Cojocaru, V., Nottrott, S., Klement, R., & Jovin, T. M. (2005). The snRNP 15.5K protein folds its cognate K-turn RNA. A combined theoretical and biochemical study. RNA, 11(2): 10.1261/rna.7149605, pp. 197-209. Retrieved from http://rnajournal.cshlp.org/content/11/2/197.full.


Cite as: http://hdl.handle.net/11858/00-001M-0000-0012-EA1D-6
Abstract
The human 15.5K protein binds to the 5' stem–loop of U4 snRNA, promotes the assembly of the spliceosomal U4/U6 snRNP, and is required for the recruitment of the 61K protein and the 20/60/90K protein complex to the U4 snRNA. In the crystallographic structure of the 15.5K–U4 snRNA complex, the conformation of the RNA corresponds to the family of kink-turn (K-turn) structural motifs.

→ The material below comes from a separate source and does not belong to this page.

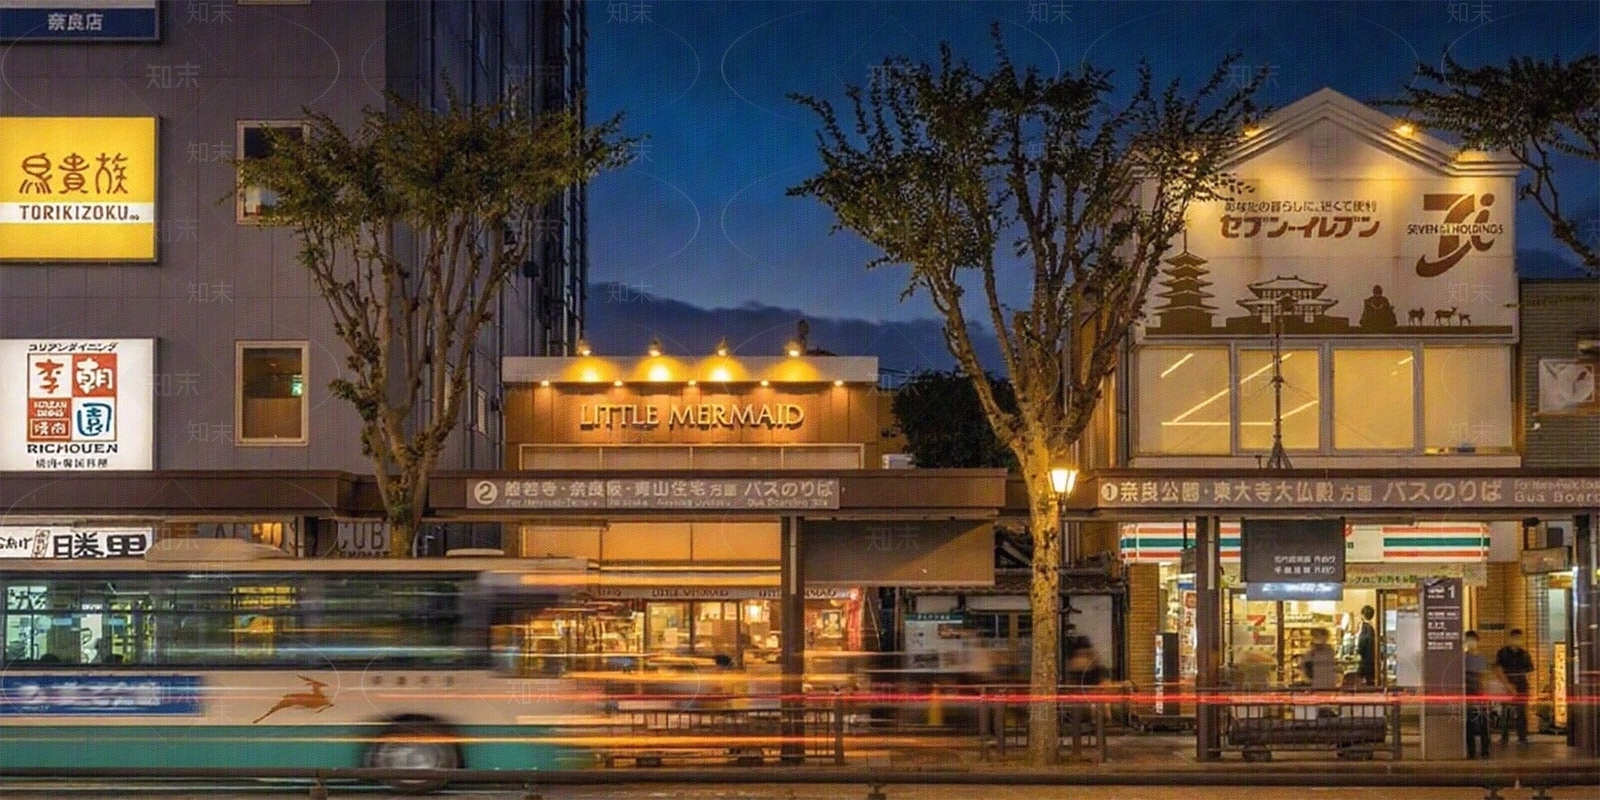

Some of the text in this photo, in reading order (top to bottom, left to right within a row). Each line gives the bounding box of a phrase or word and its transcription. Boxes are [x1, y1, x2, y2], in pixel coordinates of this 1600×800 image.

We simulated the complex and the free RNA, showing how the protein binding and the intrinsic flexibility contribute to the RNA folding process. We found that the RNA is significantly more flexible in the absence of the 15.5K protein. Conformational transitions such as the interconversion between alternative purine stacking schemes, the loss of G-A base pairs, and the opening of the K-turn occur only in the free RNA. Furthermore, the stability of one canonical G-C base pair is influenced both by the binding of the 15.5K protein and the nature of the adjacent structural element in the RNA. We performed chemical RNA modification experiments and observed that the free RNA lacks secondary structure elements, a result in excellent agreement with the simulations. Based on these observations, we propose a protein-assisted RNA folding mechanism in which the RNA intrinsic flexibility functions as a catalyst.